Sell More, Sell Faster is A By Product of a Healthy Organization
Many organizations have no values other then sell more product, sell it faster. No guiding beliefs or principles that define the brand. A company that exists for no other purpose than to sell product devalues its customers and employees and treats them like cogs in a wheel. How happy do you suppose that brand’s customers would be?
Now, imagine a brand with a culture rich with commitment and a dedication to being the best at what they do. A company that thrives on innovation and solving customer problems. A company that hires the best people and provides the tools and environment they need to succeed. This company focuses not just on creating a great product and service today, but doing the work necessary to build a great brand for tomorrow.
The difference is night and day. So how do you commit to being a company that is guided by the right culture and reaps the rewards?
Without a strong culture, organizations will struggle to attract, retain and get the best work of their lives from top employees. This will clearly negatively impact customers. Employees with a lack of motivation to understand customer problems and improve the customer experience can only result in poor to mediocre solutions to issues that arise. When better opportunities present themselves, both customers and employees move on to work with organizations that more closely align with their own set of beliefs and values.
That’s the impact an organization’s culture has. So what are the main focus points to move in the right direction?
Create A Strong Brand By Empowering the Employees
1) Strong brands are about purpose. As a brand becomes recognizable regionally, nationally or internationally they are at risk of becoming overly focused on growth and survival. Yet, simply putting up good numbers today is not a substitute for purpose that will propel success into the future. We’ve seen companies like Troyer’s Foods and South West Traders focus on the twin pillars of purpose: mission and culture. The company’s mission is to engage customers with technical innovations that make the retail supply chain more efficient. The company’s focus on bringing together the best partners (ahem Ai2) and giving them the tools they need to achieve that mission. This focus on helping customers and empowering employees creates a culture that fosters innovation, employees a customer first mindset, and is the foundation for the company’s future growth.
2) Attract and engages the right people. One of the biggest challenges for companies in the strong economy over the last few years has been attracting and retaining the right people. Organizations face more competition to hire and retain the best people; in today’s highly mobile workforce, retaining employees over the long term is even more challenging and critical to future success ‘turn over kills growth’. Recent research by Gallup indicates that companies with an engagement strategy through technology or otherwise outperform their competition by 147%. The article sites eCommerce shoe retailer Zappos has formalized using an alignment and values fit in all hiring and retention decisions. This has allowed Zappos to deliver a uniquely personal customer experience while becoming one of the fastest companies in history to reach a billion dollars in annual revenue.

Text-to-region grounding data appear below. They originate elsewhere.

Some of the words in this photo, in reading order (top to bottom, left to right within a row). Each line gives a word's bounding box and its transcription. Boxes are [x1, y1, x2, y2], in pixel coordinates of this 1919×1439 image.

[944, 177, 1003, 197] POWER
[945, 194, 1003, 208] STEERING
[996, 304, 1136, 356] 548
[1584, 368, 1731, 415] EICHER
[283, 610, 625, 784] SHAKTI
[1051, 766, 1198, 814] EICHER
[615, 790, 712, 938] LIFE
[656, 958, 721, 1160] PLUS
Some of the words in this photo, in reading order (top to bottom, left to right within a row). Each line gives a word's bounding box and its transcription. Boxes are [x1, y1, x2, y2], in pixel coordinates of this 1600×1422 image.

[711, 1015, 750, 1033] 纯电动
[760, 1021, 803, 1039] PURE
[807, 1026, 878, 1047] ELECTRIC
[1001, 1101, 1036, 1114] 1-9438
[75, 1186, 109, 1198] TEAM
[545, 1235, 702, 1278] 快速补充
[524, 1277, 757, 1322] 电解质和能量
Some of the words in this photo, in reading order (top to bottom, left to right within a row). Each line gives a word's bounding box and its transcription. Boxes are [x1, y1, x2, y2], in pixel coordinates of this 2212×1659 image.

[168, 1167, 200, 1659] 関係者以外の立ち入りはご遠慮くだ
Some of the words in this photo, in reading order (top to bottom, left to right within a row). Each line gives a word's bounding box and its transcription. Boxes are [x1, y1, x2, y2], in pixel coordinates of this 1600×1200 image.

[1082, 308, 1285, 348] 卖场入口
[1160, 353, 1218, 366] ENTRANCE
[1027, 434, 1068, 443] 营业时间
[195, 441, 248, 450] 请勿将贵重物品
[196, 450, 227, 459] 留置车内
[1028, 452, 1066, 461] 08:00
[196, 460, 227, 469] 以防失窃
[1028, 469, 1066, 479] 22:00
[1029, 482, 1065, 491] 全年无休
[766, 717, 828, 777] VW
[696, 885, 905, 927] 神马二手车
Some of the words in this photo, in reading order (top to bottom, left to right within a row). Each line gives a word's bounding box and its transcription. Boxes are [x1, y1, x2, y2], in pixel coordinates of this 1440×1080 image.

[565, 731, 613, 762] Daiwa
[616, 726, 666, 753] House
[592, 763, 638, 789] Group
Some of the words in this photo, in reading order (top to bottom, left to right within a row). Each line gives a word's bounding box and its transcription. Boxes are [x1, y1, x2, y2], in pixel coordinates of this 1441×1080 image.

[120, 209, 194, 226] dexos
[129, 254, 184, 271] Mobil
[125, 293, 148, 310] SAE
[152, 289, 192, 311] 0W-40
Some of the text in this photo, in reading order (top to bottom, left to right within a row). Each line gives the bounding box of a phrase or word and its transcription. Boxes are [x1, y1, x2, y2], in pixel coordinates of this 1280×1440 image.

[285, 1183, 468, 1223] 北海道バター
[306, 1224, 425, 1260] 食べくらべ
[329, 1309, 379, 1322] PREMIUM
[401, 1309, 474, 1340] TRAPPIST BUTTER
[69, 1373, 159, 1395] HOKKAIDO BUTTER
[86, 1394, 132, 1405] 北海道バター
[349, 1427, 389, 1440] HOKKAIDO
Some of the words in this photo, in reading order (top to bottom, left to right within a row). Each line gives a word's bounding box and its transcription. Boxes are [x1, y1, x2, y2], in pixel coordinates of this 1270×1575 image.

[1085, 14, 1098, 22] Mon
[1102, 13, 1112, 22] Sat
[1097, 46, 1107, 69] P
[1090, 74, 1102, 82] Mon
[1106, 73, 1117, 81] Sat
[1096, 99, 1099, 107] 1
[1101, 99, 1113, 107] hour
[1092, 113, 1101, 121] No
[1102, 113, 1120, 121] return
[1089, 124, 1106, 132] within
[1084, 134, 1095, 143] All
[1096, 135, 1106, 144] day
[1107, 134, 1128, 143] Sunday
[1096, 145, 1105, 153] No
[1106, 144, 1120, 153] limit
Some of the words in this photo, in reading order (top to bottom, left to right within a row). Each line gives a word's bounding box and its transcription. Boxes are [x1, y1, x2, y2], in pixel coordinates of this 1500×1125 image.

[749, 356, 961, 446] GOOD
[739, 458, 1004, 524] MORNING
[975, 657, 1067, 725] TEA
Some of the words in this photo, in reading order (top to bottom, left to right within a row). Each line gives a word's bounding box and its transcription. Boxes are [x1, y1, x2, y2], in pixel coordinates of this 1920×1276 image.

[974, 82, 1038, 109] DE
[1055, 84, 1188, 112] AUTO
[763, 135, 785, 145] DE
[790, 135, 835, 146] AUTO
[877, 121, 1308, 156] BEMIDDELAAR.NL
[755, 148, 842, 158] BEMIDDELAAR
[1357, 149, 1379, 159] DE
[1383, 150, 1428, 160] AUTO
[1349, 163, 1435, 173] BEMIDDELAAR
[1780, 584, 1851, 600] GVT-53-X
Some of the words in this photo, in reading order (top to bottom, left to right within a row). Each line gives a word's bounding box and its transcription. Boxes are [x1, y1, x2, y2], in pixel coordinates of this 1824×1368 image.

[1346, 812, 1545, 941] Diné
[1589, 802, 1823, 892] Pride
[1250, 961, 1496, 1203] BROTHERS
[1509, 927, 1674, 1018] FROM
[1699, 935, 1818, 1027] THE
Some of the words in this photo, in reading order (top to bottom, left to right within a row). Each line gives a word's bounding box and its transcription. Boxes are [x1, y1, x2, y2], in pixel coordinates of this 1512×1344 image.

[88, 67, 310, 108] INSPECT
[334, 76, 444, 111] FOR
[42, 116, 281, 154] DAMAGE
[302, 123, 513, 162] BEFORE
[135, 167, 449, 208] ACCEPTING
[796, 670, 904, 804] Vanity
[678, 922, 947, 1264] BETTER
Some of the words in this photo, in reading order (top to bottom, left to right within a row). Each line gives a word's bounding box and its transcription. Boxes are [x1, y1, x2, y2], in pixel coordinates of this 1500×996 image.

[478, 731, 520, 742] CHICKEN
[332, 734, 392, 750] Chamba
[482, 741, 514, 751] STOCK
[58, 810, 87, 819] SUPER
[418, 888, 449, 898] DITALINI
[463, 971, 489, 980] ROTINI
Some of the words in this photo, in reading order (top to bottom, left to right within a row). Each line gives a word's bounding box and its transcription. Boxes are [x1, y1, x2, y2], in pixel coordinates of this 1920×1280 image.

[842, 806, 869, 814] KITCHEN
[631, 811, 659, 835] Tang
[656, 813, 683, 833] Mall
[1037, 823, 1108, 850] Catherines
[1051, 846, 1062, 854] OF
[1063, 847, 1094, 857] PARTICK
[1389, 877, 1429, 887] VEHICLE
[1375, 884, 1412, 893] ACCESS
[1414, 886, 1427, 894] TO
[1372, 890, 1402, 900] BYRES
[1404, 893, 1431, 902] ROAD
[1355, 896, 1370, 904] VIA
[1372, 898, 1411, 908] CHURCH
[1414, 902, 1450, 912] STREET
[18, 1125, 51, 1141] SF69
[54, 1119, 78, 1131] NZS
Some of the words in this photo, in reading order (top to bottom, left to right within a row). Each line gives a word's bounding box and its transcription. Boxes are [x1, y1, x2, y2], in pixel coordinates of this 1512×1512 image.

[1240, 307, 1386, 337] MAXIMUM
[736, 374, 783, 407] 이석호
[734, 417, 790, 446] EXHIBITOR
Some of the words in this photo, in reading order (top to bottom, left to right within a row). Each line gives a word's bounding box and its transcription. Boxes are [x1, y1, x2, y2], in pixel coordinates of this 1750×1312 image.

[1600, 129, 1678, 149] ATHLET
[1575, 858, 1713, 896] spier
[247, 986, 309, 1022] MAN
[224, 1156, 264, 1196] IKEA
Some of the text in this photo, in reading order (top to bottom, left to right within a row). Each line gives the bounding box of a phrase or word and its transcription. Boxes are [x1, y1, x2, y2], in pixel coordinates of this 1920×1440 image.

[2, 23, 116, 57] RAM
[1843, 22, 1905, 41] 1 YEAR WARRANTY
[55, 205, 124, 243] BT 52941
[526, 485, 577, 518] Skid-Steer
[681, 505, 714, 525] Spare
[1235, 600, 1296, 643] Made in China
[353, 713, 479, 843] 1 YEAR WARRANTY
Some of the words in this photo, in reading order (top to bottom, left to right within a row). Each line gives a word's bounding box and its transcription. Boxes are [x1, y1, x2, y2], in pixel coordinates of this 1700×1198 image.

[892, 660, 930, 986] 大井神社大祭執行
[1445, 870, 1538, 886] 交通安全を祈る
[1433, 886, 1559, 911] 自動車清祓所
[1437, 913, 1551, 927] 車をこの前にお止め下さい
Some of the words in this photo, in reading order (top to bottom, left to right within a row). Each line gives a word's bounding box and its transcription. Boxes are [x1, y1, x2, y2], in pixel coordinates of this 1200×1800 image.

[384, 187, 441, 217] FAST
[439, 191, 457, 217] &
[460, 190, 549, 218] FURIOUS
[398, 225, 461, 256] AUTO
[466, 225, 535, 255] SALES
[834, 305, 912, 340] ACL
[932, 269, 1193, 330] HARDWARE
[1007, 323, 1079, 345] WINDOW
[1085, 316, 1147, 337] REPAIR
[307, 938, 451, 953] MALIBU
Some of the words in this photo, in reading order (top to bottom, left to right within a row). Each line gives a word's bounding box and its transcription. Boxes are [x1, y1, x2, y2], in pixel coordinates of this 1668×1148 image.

3) Who you are differentiator. For some organizations looking for a cultural fit is primary before looking at job fit for a very good reason: who the company is sets the company apart. Distributor can deliver product – not every distributor can keep customers engaged in the process of buying and working with the sales reps. This leaves customers feeling positive about inevitable delays in delivery or anything else that happens in the course of a distributor and retail relationship.
4) A Culture of Clarity. The idea of authenticity – being what you say you are – is paramount to success. It’s one thing to claim to be customer-focused and another to actually allow customers to have the resources that leads to customer success. Employees have to make decisions every day that impact customers. Create clarity around how to solve those problems in a way that supports the promises your brand is making by engaging the right partners and investing in the right tools. Culture is what takes your brand from claiming authenticity, to actually being authentic.